Tunbridge: You ended up being seen as a mother figure, didn't you? And even being called "Mother", can you explain?
Bigombe: Yeah, well, I suppose it is how you communicate with them. I believe we women exhibit more patience. I believe women are better listeners than men. Men will probably be looking at their watches, "I have to go because there is this doing". I would sit all night long, sitting and listening. And my approach was not to lecture to them, if you pick up a weapon to fight, it means you have issues. It is not like going for games. So, I want to listen to that.
Tunbridge: But to be classified as a sort of mother figure, is that where women in mediation want to be or is that pigeon holing women into this eternal mother figure?
Bigombe: You know these are some of the values that other mediators have not realized. It is a process that they can build confidence. You are also being tested all the time on your ability to be neutral, to understand what they are talking about. They are watching whether you really understand, whether you appreciate and whether you look at things their way. And that is the kind of thing that can win the hearts and I am saying this, that women can do this much better than men can.

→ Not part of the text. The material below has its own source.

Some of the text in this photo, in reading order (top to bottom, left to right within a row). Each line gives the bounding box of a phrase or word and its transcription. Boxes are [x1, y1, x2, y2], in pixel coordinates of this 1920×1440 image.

Tunbridge: That is Betty Bigombe. When fresh talks to end the same LRA conflict began in Juba, Southern Sudan in 2006, Santa Okot was telephoned by the LRA leadership and asked to represent them in the peace talks as their negotiator. At that time, she was a teacher and had been involved in local politics in Uganda. She also had a young family. I asked Santa Okot if it was difficult to represent the LRA rebels, given their reputation for carrying out atrocities.

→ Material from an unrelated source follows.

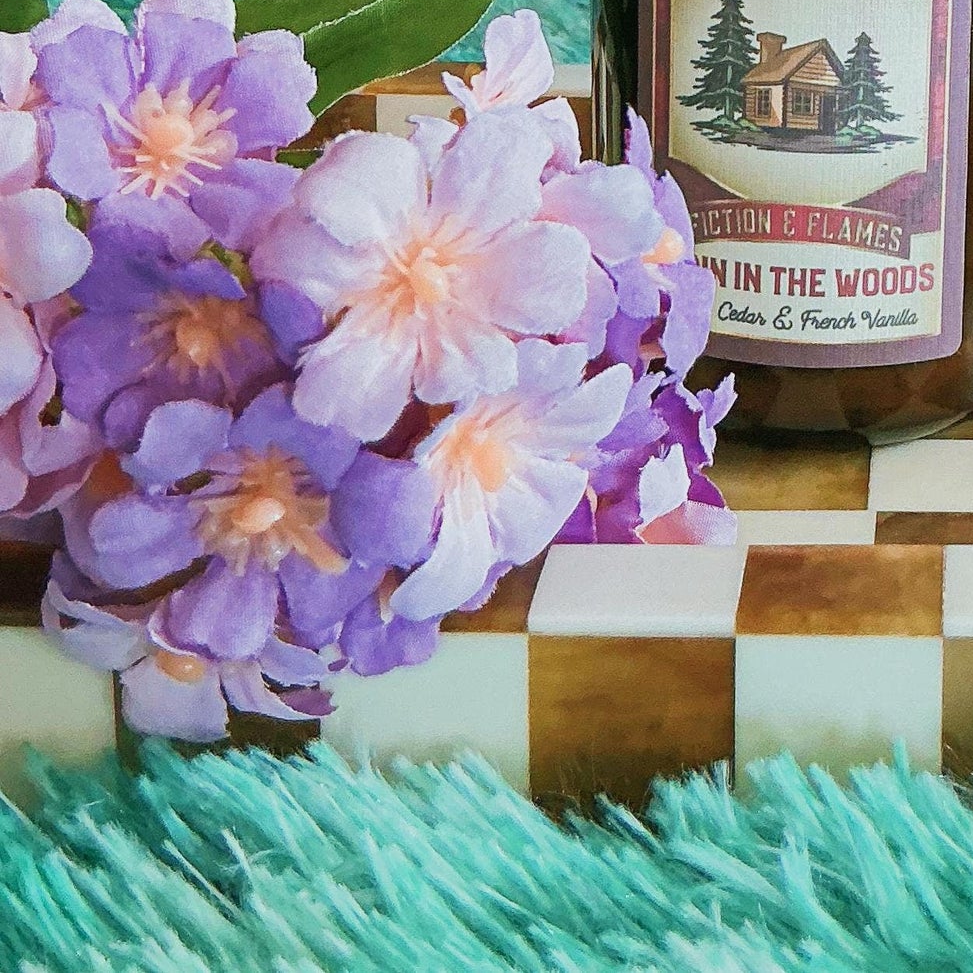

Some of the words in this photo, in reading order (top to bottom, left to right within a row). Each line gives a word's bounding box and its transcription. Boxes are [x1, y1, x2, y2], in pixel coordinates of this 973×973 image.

Okot: Yeah, it was a very difficult task and very difficult to move in the community up to now because then, you know all this period they say, Kony is a killer, is a terrorist, you know this and that, and one would feel that if you go there immediately, you are killed. But for us, when we went there, he received us very well and I had a discussion with him. He told me why he started the war, and why he invited me to go and help him on his side and so on and so forth. So, he gave me a lot of courage. But I had a lot of fear from the government because at the initial stage the President himself called me on the phone and told me to get out of Juba. The fear which I had, the stigma which I had was that wherever I could come back, I was not be free with the community. I know my children were traumatized because one of my eldest daughters asked me, of all places, why did you go to the other side? I explained to her and said you know we want peace for the grandmothers, the grandfathers, they have got to be alright and there is no problem so she understood.
Tubridge: What do you think you personally managed to achieve during the peace process?
Okot: To put the issues of women on the table because the women were the ones who suffered the most and the children. We advocated also for a special fund to be put for the women who suffered during the war. And it is in the agreement. On that it is not signed. Each time I would go to the rebel camp, the LRA, everyone would want to talk to me. So, that shows that they value the woman as a mother.
Santa Okot, negotiator for Uganda's Lord's Resistance Army during the failed Uganda peace talks, speaking to IRIN Radio's Louise Tunbridge.